Accordingly, the uniform sampling of a pair of (p_i(x))_x- and (p_j(x))_x-columns can be facilitated by uniformly sampling permutations πϵS_mof either i or j and considering the pair (i,π(j)) as a sample in the null distribution. Fixing by the aforementioned process, a suitable sample set S of pairs from the null distribution, provides for a computation of the ratios:

$\begin{matrix} p_{i, j} (P) = \frac{❘ {(i, π (j)) ❘ πϵ S_{m}, P (i, π (j)) \leq P (i, j)} ❘}{❘ S ❘} \\ p_{i, j} (J) = \frac{❘ {(i, π (j)) ❘ πϵ S_{m}, J (i, π (j)) \leq J (i, j)} ❘}{❘ S ❘} \end{matrix} .$

These ratios approximate the exemplary p-values of interest. Small values of these ratios refute the null hypothesis, providing a degree of sensitivity of measurements on the pair (i,j).

Higher Dimensional Simplices

Based on P(i,j) or J(i,j) for any pair of vertex columns can approximate higher dimensional simplices can be approximated for output by performing clustering (block module 122, 124), via for example, 1-means clustering.

K-means clustering is an unsupervised machine learning algorithm of vector quantization, aiming to partition n observations into k clusters in which each observation belongs to the cluster with the nearest mean to the cluster center. The problem is in general NP-hard, but efficient heuristic algorithms are available and can achieve a local optimum. As the number of clusters k is part of the input, the first step is to determine a suitable k. Here, the k-means clusters are computed using different values for the number of clusters k, k<30. Then a wss (within sum of squares) distribution is computed according to k. The location of a bend in the distribution is generally considered as an indicator of the appropriate number of clusters.

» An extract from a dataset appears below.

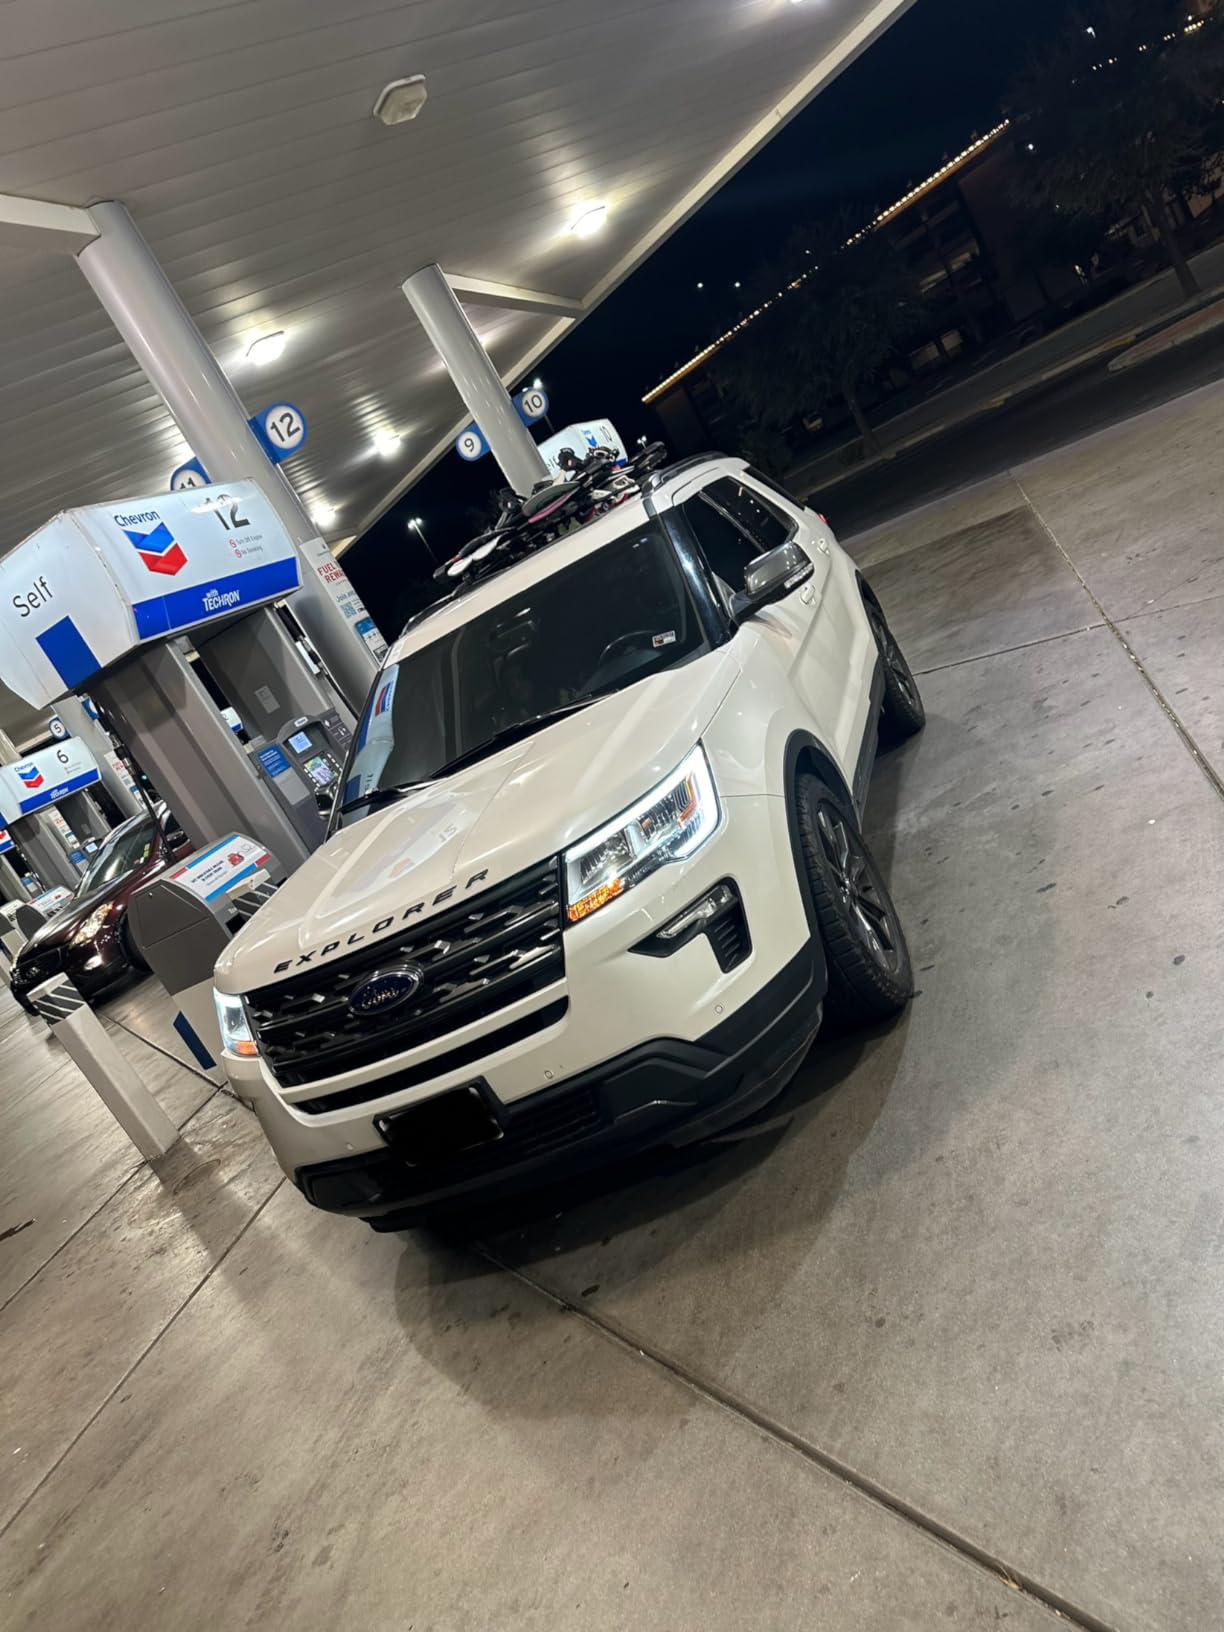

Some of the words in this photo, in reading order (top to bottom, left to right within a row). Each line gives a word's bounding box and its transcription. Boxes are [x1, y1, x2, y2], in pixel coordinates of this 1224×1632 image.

By construction, the exemplary method is conducive to an optimal cluster number that does not vary too much with increases in the k range. This is since clusters (and their sizes) are self similar only for truly uniform data points—in which case the optimum cluster number would drift depending on the interval chosen. The analysis is processed by the factoextra package in R.

Each cluster in the clustering result of the k-mean algorithm can then be interpreted in block/module 122,124 as a maximal simplex in the approximation of the Data Motif Complex.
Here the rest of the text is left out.